USCIS Adopted an Untested, Legally Problematic, Less Effective Process to Extend Work Permits
Today, 70 law professors and scholars delivered a letter to Secretary of U.S Department of Homeland Security Kirstjen Nielsen and Director of U.S. Citizenship and Immigration Services (USCIS) L. Francis Cissna outlining the legal issues with the administration’s decision to extend work permits for Temporary Protected Status (TPS) holders from El Salvador, Haiti, and Syria with delayed applications. USCIS employed an unorthodox, untested, and legally problematic procedure to automatically extend work permits for upwards of 30,000 TPS holders because of USCIS’ own failure to process and approve applications on a timely basis.

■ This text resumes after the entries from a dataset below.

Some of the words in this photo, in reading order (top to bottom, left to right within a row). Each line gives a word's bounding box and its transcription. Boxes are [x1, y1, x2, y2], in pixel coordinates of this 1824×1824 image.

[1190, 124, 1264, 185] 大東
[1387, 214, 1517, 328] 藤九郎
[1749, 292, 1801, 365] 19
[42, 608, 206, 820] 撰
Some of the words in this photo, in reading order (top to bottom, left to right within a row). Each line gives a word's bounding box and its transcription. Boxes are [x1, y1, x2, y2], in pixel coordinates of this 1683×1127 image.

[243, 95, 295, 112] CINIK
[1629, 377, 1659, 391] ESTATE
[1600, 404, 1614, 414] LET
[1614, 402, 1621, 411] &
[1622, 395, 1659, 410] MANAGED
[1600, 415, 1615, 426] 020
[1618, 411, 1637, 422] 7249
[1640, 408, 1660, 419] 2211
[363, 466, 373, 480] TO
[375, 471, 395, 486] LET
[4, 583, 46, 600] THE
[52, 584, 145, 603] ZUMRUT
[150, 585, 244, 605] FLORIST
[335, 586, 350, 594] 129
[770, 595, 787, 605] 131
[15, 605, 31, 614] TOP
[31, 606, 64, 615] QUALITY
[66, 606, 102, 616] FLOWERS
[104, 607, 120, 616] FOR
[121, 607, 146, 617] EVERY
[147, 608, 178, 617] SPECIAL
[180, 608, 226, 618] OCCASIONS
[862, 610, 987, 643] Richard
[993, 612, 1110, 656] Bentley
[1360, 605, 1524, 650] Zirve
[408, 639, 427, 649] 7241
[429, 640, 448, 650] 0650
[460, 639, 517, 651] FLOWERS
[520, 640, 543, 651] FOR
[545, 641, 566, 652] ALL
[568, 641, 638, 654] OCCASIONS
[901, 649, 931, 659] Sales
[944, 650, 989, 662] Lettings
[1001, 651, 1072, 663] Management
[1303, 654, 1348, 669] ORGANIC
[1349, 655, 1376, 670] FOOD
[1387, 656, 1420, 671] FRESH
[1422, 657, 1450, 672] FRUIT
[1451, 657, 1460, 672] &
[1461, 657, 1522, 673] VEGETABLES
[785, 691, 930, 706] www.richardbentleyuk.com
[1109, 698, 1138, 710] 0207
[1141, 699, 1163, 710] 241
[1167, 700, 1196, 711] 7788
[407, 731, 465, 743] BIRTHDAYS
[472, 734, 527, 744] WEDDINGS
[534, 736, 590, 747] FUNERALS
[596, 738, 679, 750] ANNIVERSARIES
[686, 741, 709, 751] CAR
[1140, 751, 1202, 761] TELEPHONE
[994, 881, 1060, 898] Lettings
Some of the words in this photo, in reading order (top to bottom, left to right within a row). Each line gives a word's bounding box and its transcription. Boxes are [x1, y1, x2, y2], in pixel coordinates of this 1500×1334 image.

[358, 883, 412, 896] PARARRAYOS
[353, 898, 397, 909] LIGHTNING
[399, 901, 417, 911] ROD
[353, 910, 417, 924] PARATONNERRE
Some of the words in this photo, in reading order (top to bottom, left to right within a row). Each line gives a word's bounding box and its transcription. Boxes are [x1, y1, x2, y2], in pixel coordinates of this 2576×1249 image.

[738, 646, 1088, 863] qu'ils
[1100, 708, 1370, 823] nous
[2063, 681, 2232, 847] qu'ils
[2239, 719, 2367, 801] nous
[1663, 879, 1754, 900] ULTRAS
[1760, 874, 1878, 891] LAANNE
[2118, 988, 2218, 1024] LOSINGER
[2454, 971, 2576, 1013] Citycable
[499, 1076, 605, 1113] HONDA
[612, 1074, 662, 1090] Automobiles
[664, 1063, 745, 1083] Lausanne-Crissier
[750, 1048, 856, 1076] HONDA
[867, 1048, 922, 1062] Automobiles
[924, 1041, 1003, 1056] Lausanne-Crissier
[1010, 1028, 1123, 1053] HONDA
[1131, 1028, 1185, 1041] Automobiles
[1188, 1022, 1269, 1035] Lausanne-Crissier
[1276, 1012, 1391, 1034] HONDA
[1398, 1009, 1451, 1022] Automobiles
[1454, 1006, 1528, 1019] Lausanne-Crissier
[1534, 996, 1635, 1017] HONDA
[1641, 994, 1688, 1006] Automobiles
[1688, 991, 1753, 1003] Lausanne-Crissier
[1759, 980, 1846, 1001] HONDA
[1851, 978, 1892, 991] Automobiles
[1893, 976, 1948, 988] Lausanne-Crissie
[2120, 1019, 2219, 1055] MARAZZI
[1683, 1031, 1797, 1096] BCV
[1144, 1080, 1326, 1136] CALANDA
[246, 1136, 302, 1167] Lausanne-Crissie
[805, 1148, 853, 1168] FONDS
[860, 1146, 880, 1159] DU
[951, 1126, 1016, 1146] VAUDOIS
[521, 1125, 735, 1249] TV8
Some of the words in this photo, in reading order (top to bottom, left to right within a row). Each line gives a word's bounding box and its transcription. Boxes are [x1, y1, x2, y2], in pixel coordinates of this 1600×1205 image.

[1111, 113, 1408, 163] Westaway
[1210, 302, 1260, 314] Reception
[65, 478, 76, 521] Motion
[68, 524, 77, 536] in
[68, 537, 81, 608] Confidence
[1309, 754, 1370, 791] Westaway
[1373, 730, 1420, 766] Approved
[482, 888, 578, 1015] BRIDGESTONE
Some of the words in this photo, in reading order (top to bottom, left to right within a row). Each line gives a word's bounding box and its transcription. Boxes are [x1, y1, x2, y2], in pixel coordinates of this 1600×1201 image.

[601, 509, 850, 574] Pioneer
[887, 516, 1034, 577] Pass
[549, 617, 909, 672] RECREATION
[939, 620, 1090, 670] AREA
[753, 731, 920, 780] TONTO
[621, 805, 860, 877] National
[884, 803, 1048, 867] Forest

Instead of publishing an electronic notice in the Federal Register, USCIS mailed upwards of 30,000 physical notices, leading to “legal service providers report[ing] instances of employers terminating TPS holders because the employer did not understand or accept the” notices. The letter further argues that notices are unlawful under the Administrative Procedure Act, as USCIS’ decision to use such Notices is “an arbitrary, capricious, and irrational action,” especially considering that USCIS has yet to provide an explanation for why it adopted an untested process more likely to lead to errors and confusion.
The law professors conclude by urging the administration to cease its use of the new notices; demanding an explanation as to why USCIS departed from past practices; and asking that USCIS immediately issue extensions through the Federal Register for Haiti, El Salvador, and Syria; and countries experiencing future delays.